AIM OF THE TASK —
All the data should be transcribed exactly, with every line kept.
____
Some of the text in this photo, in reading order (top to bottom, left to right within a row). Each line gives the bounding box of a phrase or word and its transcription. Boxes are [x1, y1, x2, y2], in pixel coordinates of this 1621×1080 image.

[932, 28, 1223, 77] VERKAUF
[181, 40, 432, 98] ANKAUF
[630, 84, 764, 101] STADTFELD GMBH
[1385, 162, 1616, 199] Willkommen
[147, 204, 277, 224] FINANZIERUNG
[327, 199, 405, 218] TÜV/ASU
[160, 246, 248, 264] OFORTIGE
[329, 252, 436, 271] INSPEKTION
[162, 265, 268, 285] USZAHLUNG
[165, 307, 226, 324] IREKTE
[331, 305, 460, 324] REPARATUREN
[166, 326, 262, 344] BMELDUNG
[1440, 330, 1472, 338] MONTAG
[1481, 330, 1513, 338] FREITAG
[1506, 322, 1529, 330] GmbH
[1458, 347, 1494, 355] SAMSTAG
____
COMPLETED TASK —
Some of the text in this photo, in reading order (top to bottom, left to right within a row). Each line gives the bounding box of a phrase or word and its transcription. Boxes are [x1, y1, x2, y2], in pixel coordinates of this 1621×1080 image.

[932, 28, 1223, 77] VERKAUF
[181, 40, 432, 98] ANKAUF
[630, 84, 764, 101] STADTFELD GMBH
[1385, 162, 1616, 199] Willkommen
[147, 204, 277, 224] FINANZIERUNG
[327, 199, 405, 218] TÜV/ASU
[160, 246, 248, 264] OFORTIGE
[329, 252, 436, 271] INSPEKTION
[162, 265, 268, 285] USZAHLUNG
[165, 307, 226, 324] IREKTE
[331, 305, 460, 324] REPARATUREN
[166, 326, 262, 344] BMELDUNG
[1440, 330, 1472, 338] MONTAG
[1481, 330, 1513, 338] FREITAG
[1506, 322, 1529, 330] GmbH
[1458, 347, 1494, 355] SAMSTAG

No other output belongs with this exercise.